> EXERCISE DETAILS: All the entries need to be duplicated exactly, with the pictures omitted.

(Saved data entries)
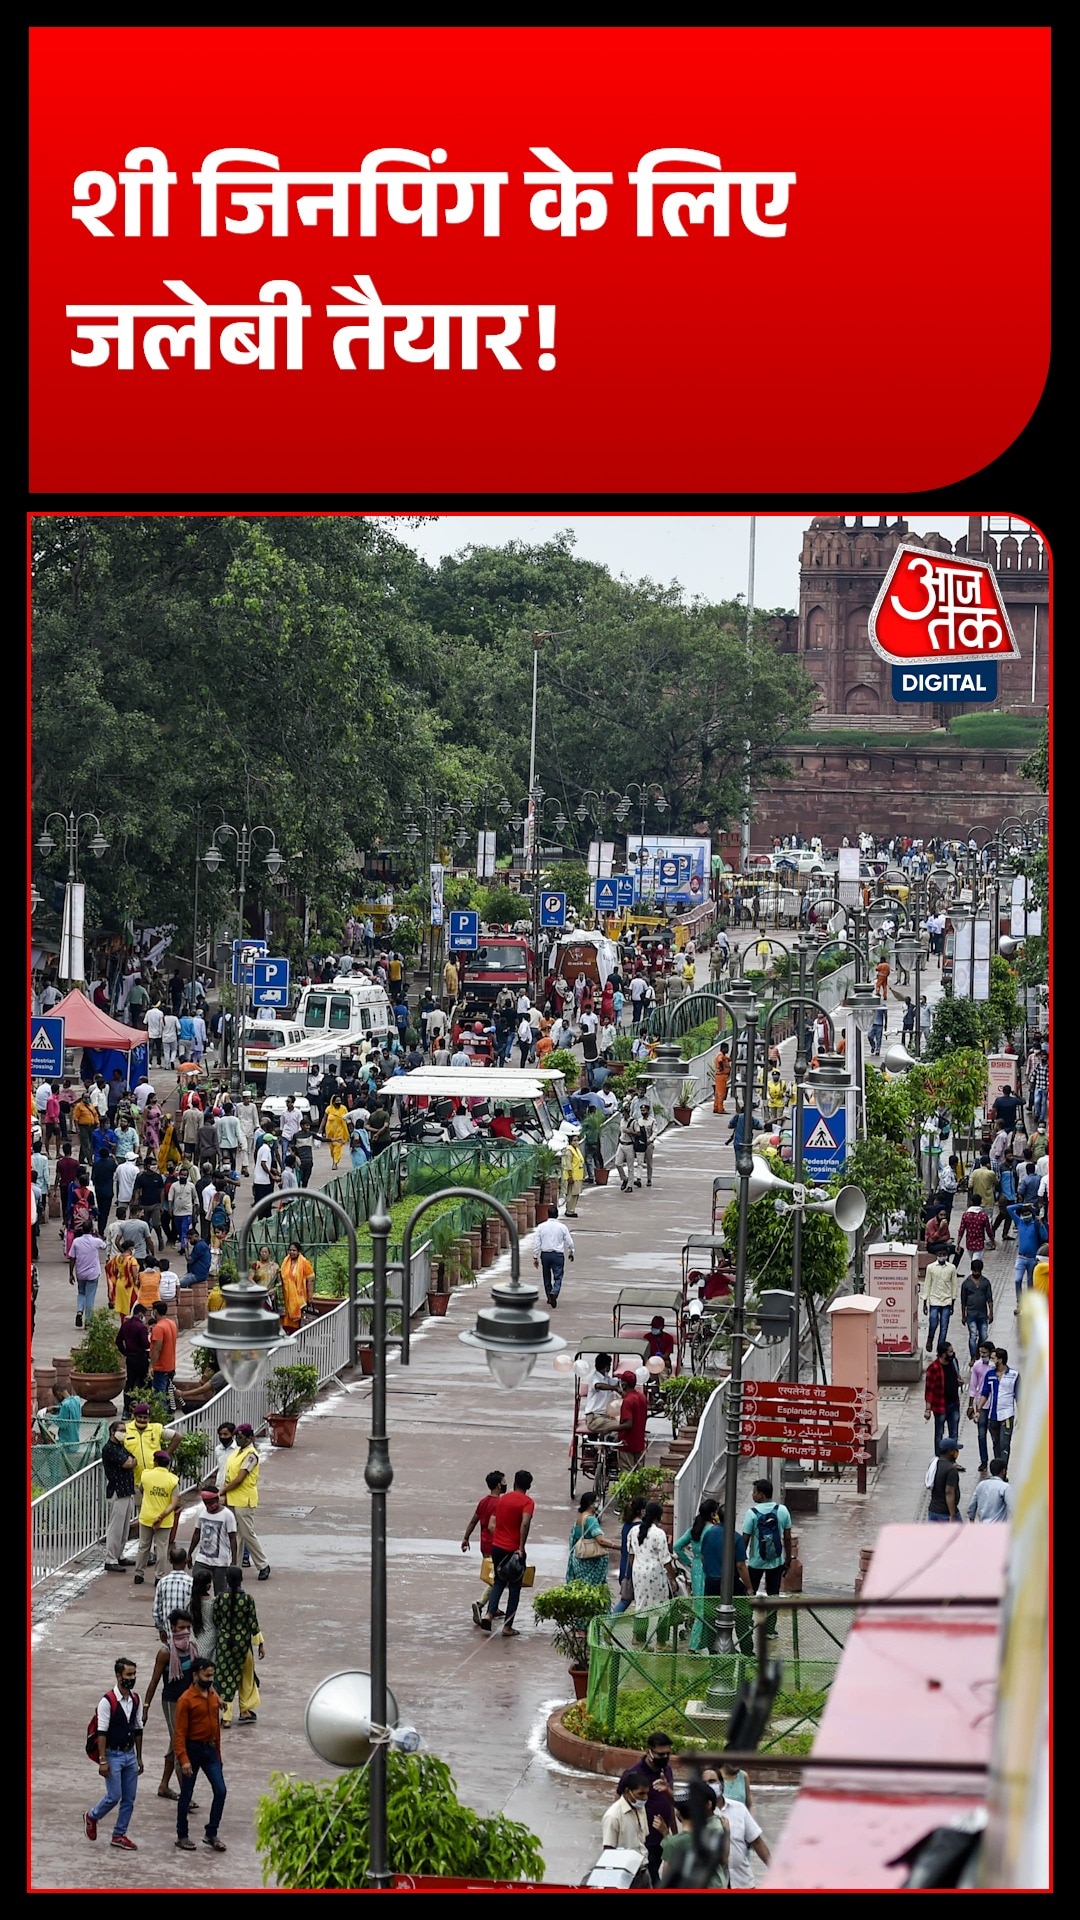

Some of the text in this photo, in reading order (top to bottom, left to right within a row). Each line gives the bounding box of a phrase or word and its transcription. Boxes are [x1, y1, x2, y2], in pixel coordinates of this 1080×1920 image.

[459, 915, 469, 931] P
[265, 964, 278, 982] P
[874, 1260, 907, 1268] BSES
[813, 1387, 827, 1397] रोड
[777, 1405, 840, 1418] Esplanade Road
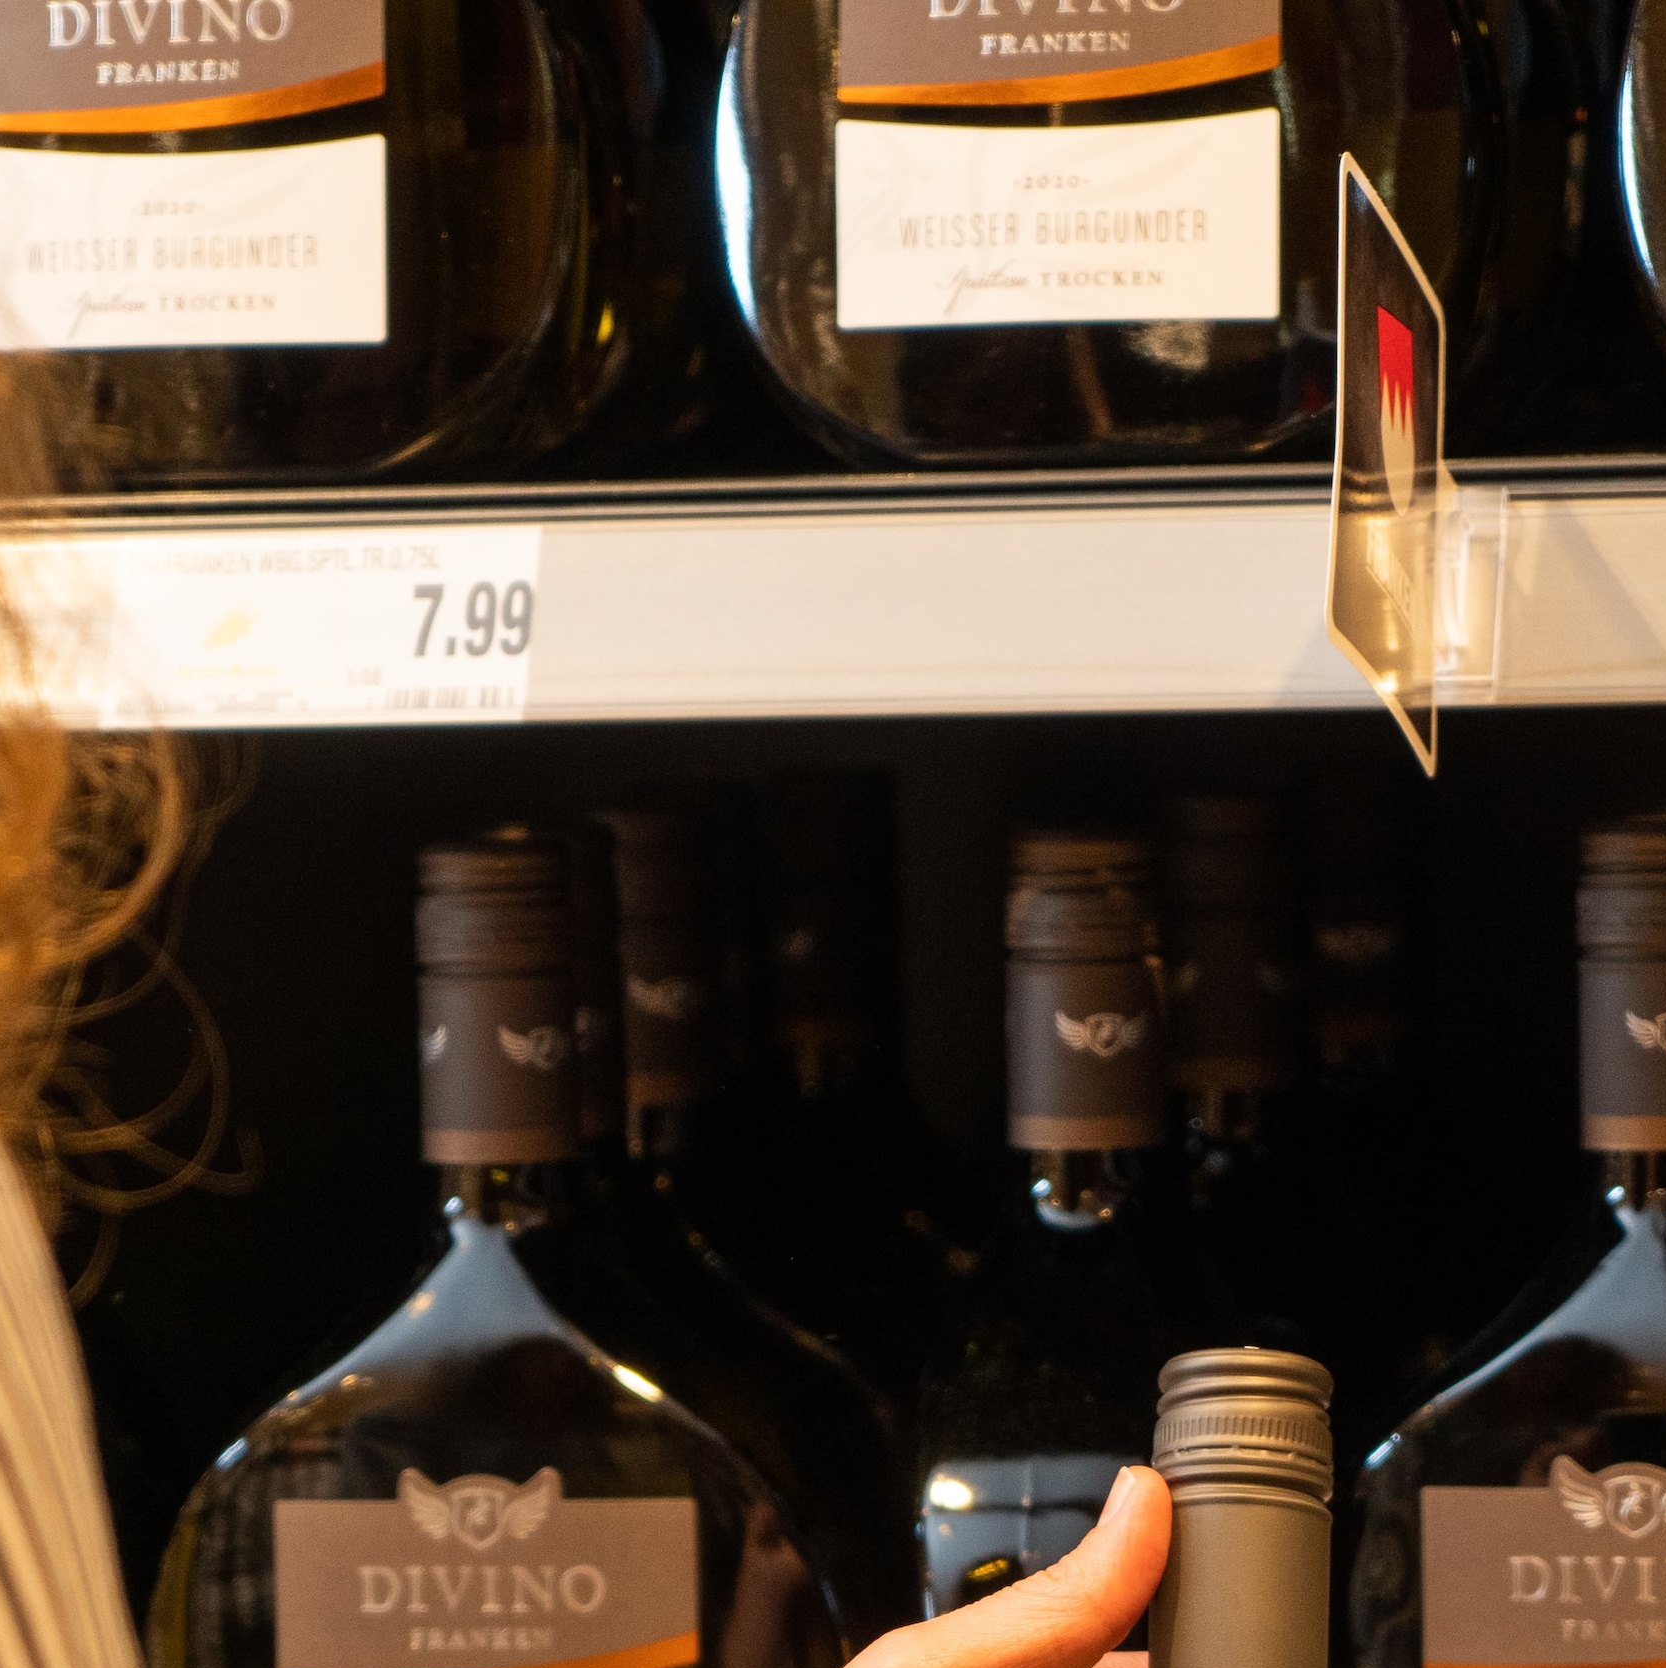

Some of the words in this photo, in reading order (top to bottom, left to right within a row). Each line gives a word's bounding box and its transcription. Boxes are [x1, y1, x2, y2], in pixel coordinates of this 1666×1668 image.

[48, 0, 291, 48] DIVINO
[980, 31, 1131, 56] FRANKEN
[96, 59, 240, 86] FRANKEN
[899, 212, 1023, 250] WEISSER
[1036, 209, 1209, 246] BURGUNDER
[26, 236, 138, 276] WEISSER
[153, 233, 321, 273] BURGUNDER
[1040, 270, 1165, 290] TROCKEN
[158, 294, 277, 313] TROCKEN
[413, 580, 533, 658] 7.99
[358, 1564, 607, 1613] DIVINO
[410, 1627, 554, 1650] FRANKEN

> REPLY:
Some of the text in this photo, in reading order (top to bottom, left to right within a row). Each line gives the bounding box of a phrase or word and its transcription. Boxes are [x1, y1, x2, y2], in pixel coordinates of this 1080×1920 image.

[459, 915, 469, 931] P
[265, 964, 278, 982] P
[874, 1260, 907, 1268] BSES
[813, 1387, 827, 1397] रोड
[777, 1405, 840, 1418] Esplanade Road

Some of the words in this photo, in reading order (top to bottom, left to right within a row). Each line gives a word's bounding box and its transcription. Boxes are [x1, y1, x2, y2], in pixel coordinates of this 1666×1668 image.

[48, 0, 291, 48] DIVINO
[980, 31, 1131, 56] FRANKEN
[96, 59, 240, 86] FRANKEN
[899, 212, 1023, 250] WEISSER
[1036, 209, 1209, 246] BURGUNDER
[26, 236, 138, 276] WEISSER
[153, 233, 321, 273] BURGUNDER
[1040, 270, 1165, 290] TROCKEN
[158, 294, 277, 313] TROCKEN
[413, 580, 533, 658] 7.99
[358, 1564, 607, 1613] DIVINO
[410, 1627, 554, 1650] FRANKEN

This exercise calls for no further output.